The debut of “Frozen II” last weekend combined with the billion-dollar “Toy Story 4″ means Disney has now garnered more than $1.4 billion in ticket sales from its animated movies so far in 2019. And “Frozen II” still has plenty of room to grow ...
... but sadly, it doesn't read very well. Disney owns a lot more than two animation studios.It owns Pixar (purchased from Steve Jobs). It owns Blue Sky Studios (purchased from Rupert Murdoch). It owns the Walt Disney Animation studios*.
Those are the studios that make theatrical animation, which focus on long-form features shown in multiplexes.
Then there are the TV animation studios: Walt Disney Television Animation and Fox Animation.
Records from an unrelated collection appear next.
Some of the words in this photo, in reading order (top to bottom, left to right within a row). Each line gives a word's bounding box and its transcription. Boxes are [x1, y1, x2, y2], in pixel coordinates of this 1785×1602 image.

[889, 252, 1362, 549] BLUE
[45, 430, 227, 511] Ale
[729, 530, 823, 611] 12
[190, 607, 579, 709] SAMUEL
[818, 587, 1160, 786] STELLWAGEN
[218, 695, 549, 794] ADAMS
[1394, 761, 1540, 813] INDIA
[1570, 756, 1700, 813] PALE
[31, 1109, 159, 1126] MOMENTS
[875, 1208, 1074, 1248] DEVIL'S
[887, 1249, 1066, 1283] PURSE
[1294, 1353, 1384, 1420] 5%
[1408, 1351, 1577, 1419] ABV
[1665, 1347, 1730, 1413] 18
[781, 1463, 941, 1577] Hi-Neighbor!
These do pre-production on smaller screen fare slated for Disney+, the Disney Channel, broadcast television (remember that ancient distribution system?)
Disney dominates because Disney has put big money into animation, and also owns ... ahem ... some pretty potent brands.
Paramount-Viacom has never gotten much traction in theatrical animation, and its television outpost Nickeloden is a shadow of its former self. Warner Bros. had misfires in animation for years until its new division W.A.G. (warner Animation Group) struck gold with its Lego features. (Its television animation studio Warner Bros. Animation has been a force since the early nineties.) Sony makes has made some competitive cartoon features, and Universal-Comcast has found success with Illumination Entertainment and DreamWorks Animation.
But let's face it. Disney has been building synergy between its various divisions and production facilities forever. Uncle Walt was a master at having one part of his company boost and reinforce another, pretty much inventing the practice in the 1950s. And with Robert Iger, the practice has been super-charged to the point of near total dominance of the marketplace.
* Let's not forget DisneyToon Studios, which created direct-to-video and theatrical features for a quarter century, finally closing its doors the summer of 2018 when the dvd market was deader than a school of beached mackerel.